Published November 19, 2025 | CariCRIS LinkedIn
Understanding Asset Quality
A key measure of a country’s financial health is the Non-Performing Loans (NPL) ratio. This is the share of loans where borrowers have not paid principal or interest for more than 90 days. High NPL levels can affect the strength of the banking sector, reduce credit available to businesses and consumers, and weaken economic growth.
How NPLs Have Moved Over the Last 10 Years

Over the last 10 years, NPL levels across the Caribbean have slowly improved. In 2024, the NPL ratio in some jurisdictions declined to its lowest level in nearly a decade. Although still above internationally accepted benchmarks, this marks a gradual improvement across the region. The Caribbean’s exposure to tourism, construction, and other externally driven sectors continues to influence loan performance, given their vulnerability to global economic shifts, natural disasters, and climate-related events.

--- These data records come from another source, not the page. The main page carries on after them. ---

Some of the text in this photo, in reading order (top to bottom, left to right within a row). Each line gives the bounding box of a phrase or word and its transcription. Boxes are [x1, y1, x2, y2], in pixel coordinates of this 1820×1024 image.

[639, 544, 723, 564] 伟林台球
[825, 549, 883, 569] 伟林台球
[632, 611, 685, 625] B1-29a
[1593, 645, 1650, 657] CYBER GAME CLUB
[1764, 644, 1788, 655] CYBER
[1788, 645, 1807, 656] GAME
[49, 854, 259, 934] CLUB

Given the region’s structural vulnerabilities, global shocks such as the 2008 financial crisis, the COVID‑19 pandemic, and the Russia–Ukraine conflict weakened borrowers’ repayment capacity.
Varied reforms have been introduced to strengthen asset quality and reduce non-performing loans across the Caribbean, with several reforms implemented region-wide.

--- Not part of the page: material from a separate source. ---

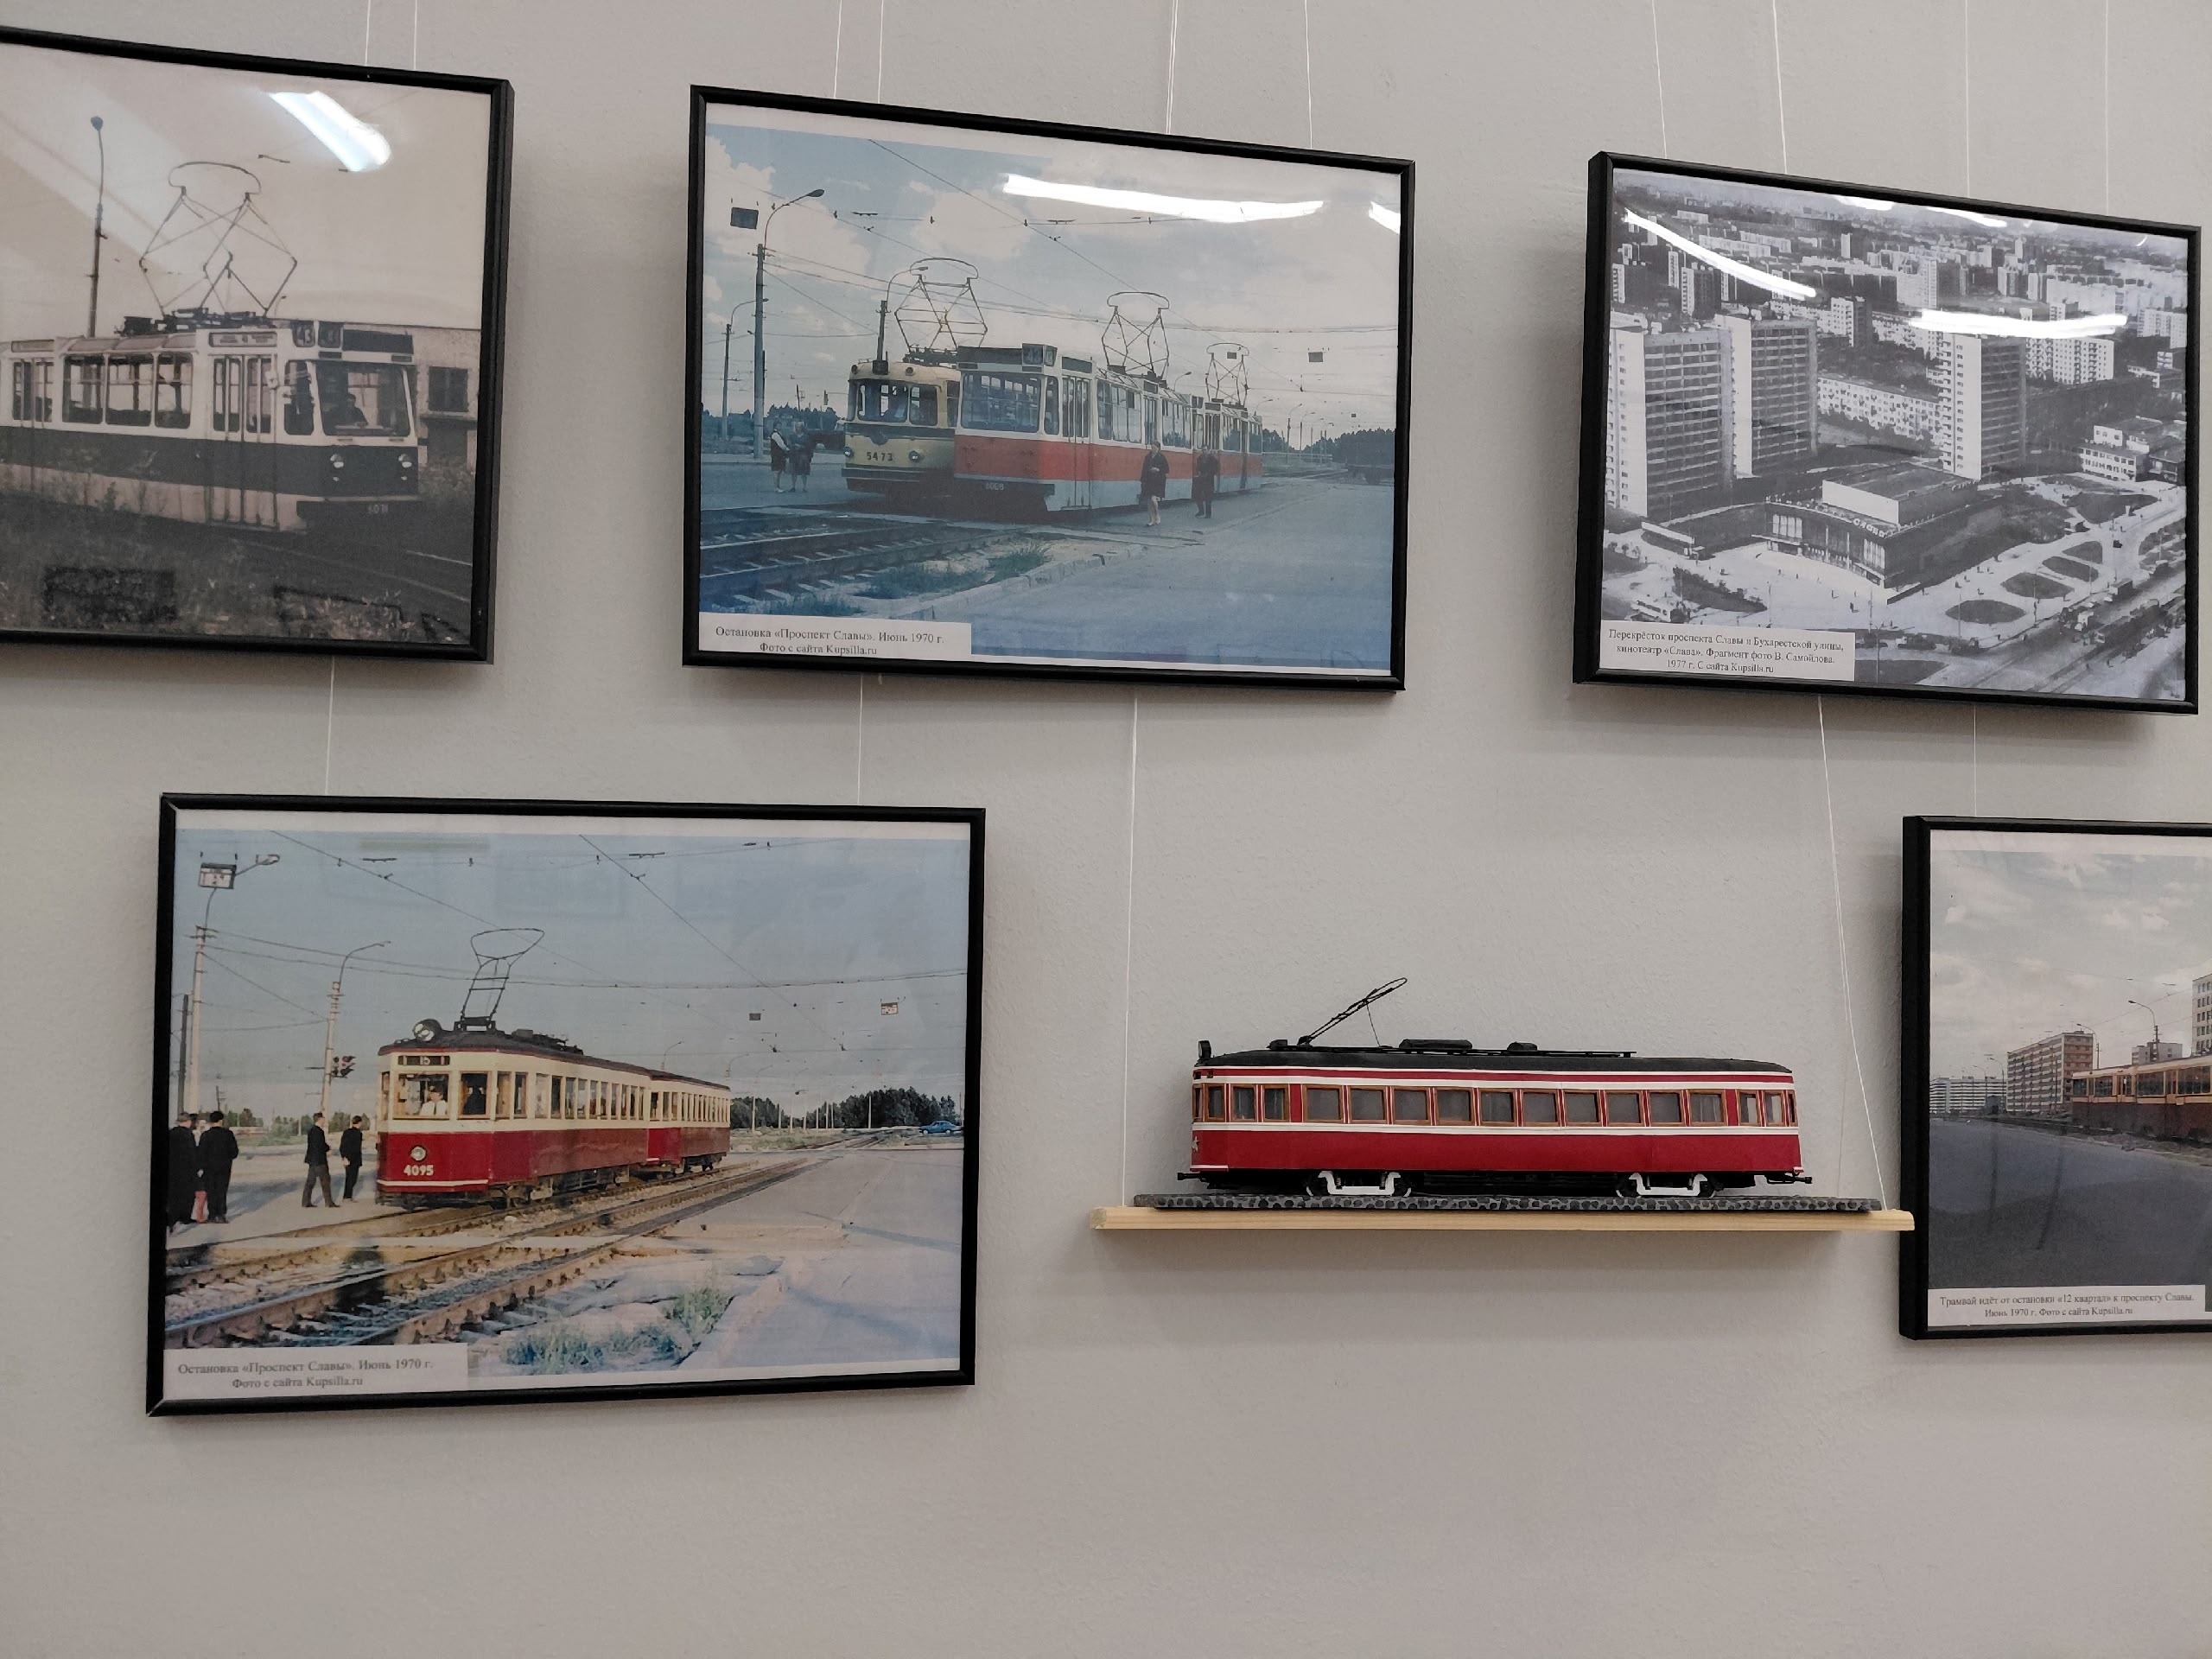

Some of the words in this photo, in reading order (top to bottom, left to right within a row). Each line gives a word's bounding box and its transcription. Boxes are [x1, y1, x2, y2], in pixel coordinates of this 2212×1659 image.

How Are Countries Responding?
Countries across the Caribbean have introduced various reforms to strengthen banks, reduce distressed loans, and improve how credit risks are managed. These measures aim to make the financial system more stable and resilient.
Examples of Reforms by Territory:
Jamaica: Enhanced provisioning, tightened collateral rules, strengthened credit information systems, and modernized insolvency laws.

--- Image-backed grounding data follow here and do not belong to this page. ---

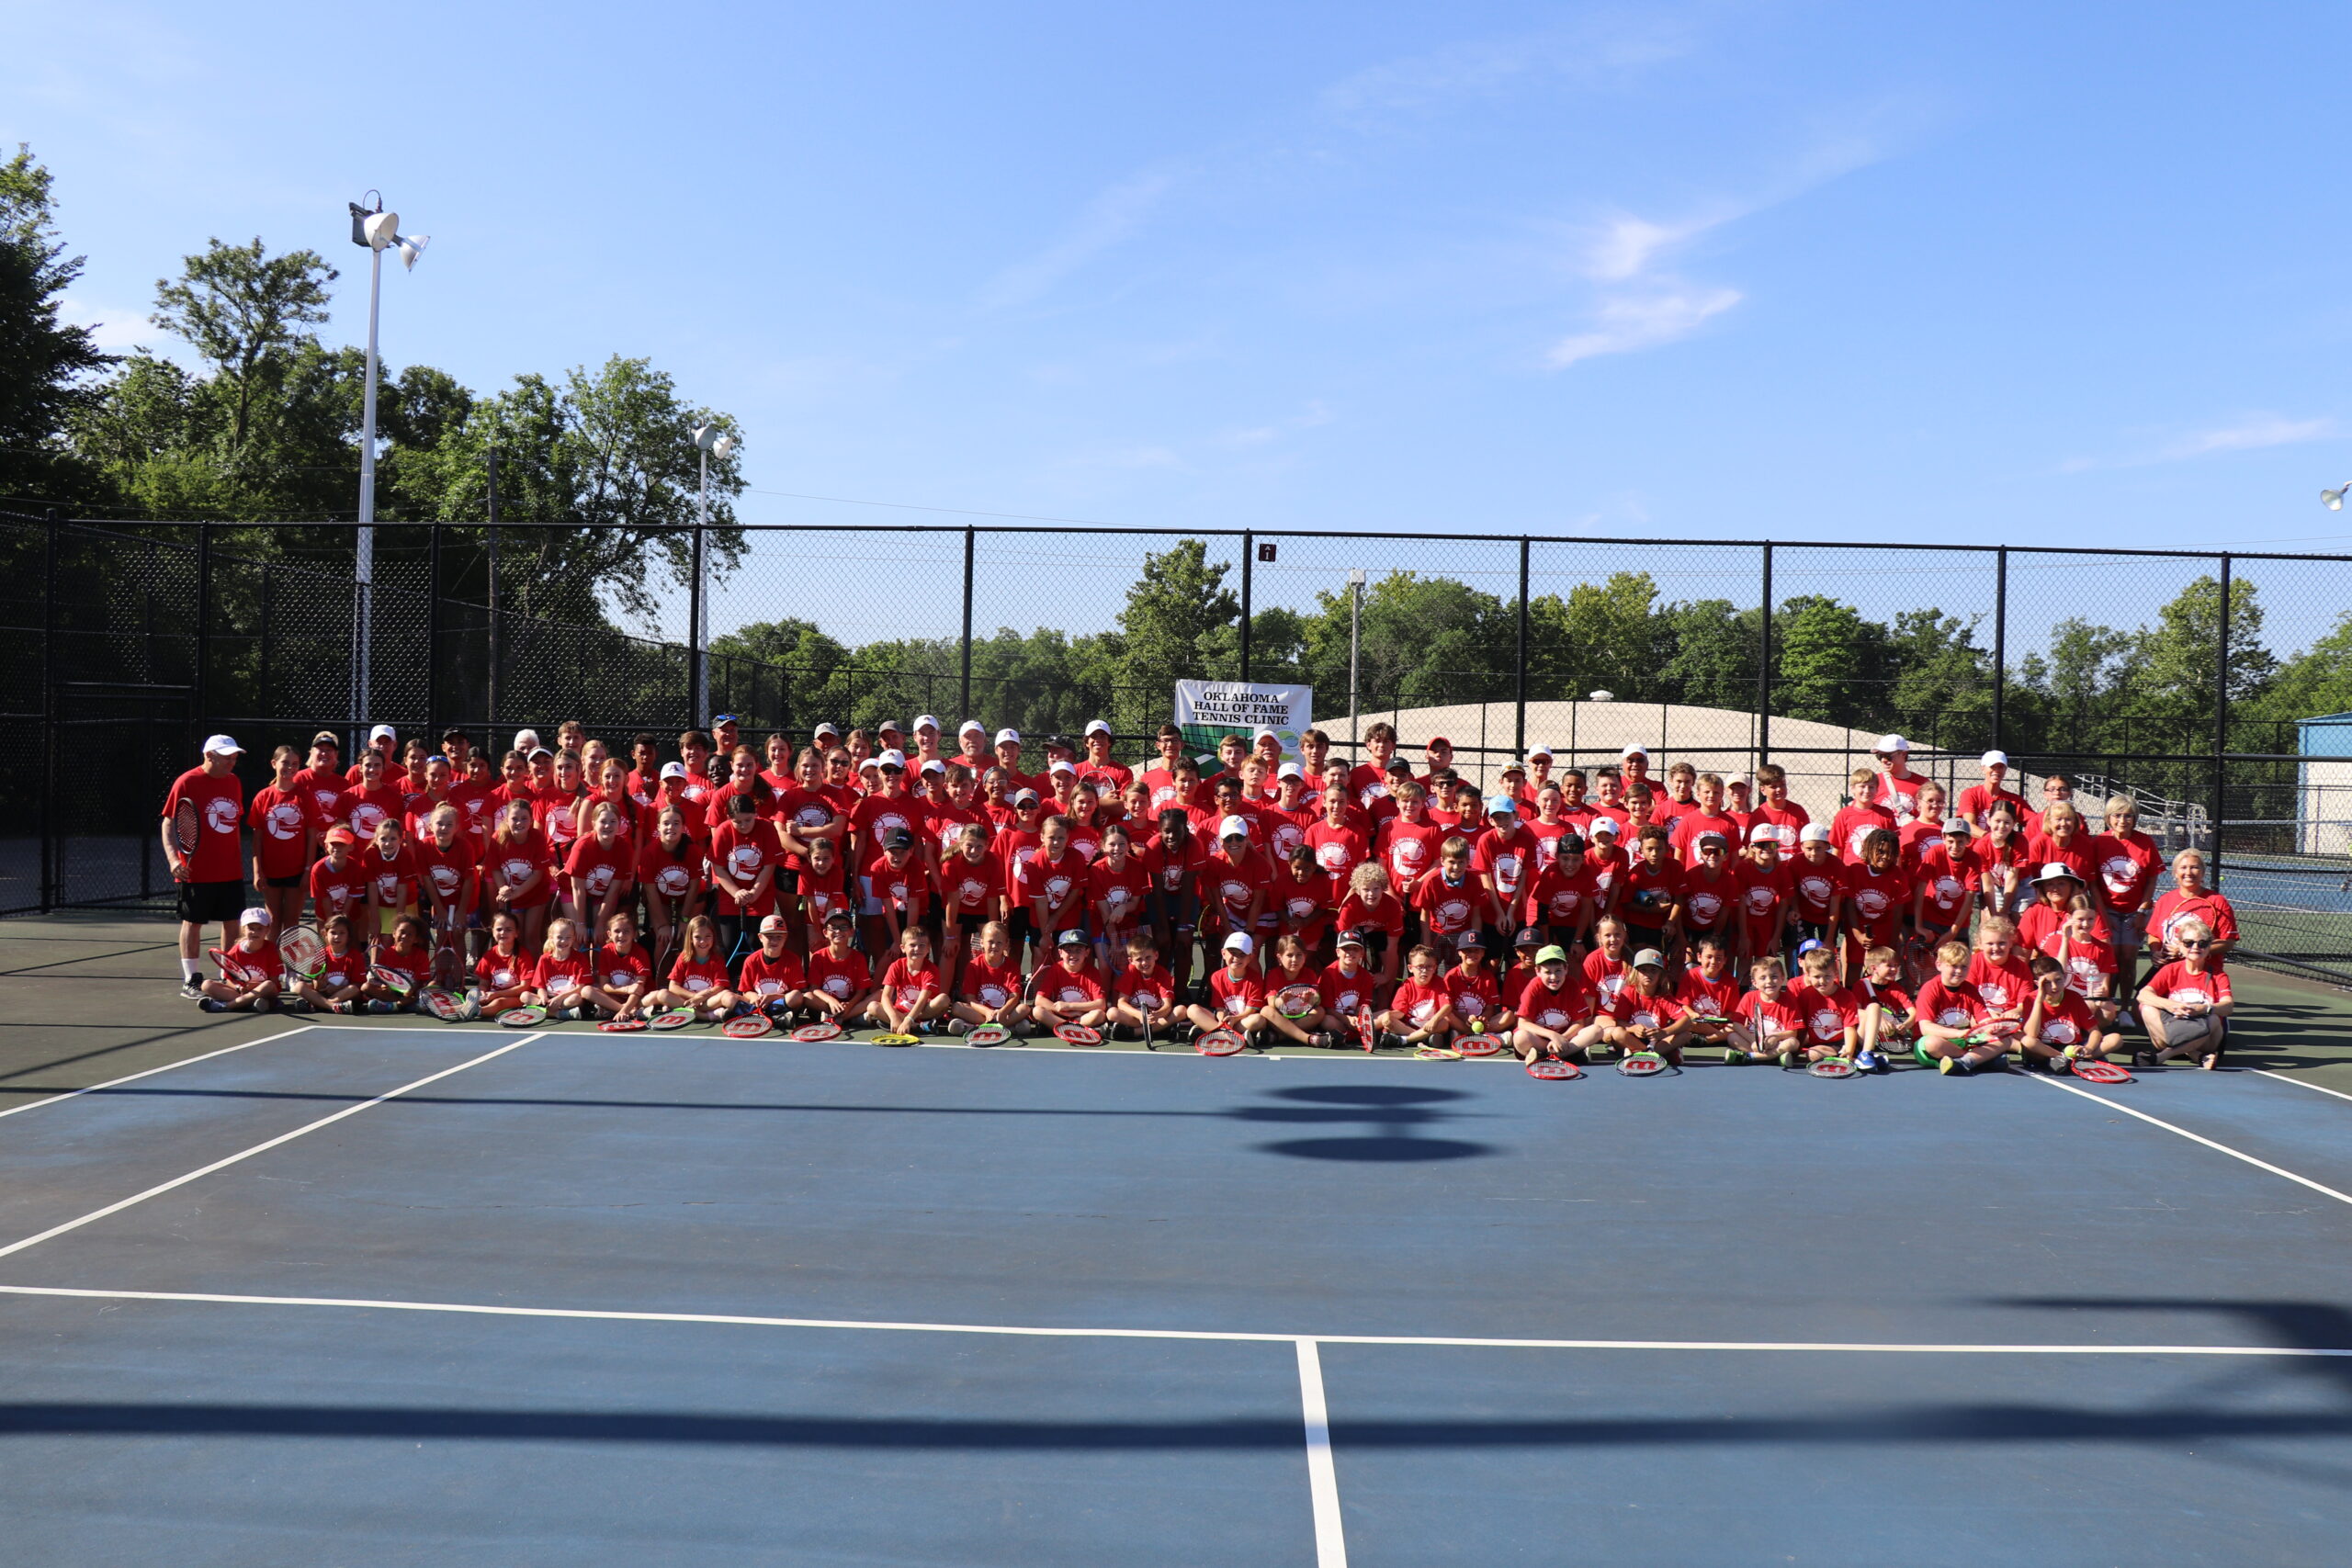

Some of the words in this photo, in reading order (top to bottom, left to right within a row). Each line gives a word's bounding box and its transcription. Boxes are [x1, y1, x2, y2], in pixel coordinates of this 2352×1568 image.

[1204, 692, 1279, 704] OKLAHOMA
[1194, 701, 1228, 712] HALL
[1232, 704, 1249, 713] OF
[1253, 704, 1288, 715] FAME
[1193, 712, 1241, 723] TENNIS
[1245, 714, 1289, 726] CLINIC
[776, 919, 783, 928] 2
[1468, 932, 1476, 942] C
[1523, 931, 1532, 941] C

Trinidad & Tobago: Focused on prudential regulation, MSME support, and improved supervisory oversight.
Eastern Caribbean Currency Union countries: The Eastern Caribbean Asset Management Corporation (ECAMC) manages distressed assets, stronger provisioning rules are enforced, and foreclosure and credit-reporting frameworks are being improved.
Belize and Guyana: Introduced secured transactions frameworks, credit bureaus, and stricter asset-classification and provisioning standards, alongside capital and risk-management enhancements.
These reforms aim to strengthen asset quality, improve credit-risk management, and build greater financial resilience.
Looking Ahead
These reforms take time to show full results. Financial regulators will continue monitoring how well these changes work over the coming months and years.
CariCRIS continues to monitor these developments closely and evaluate what they mean for financial stability and creditworthiness in the region.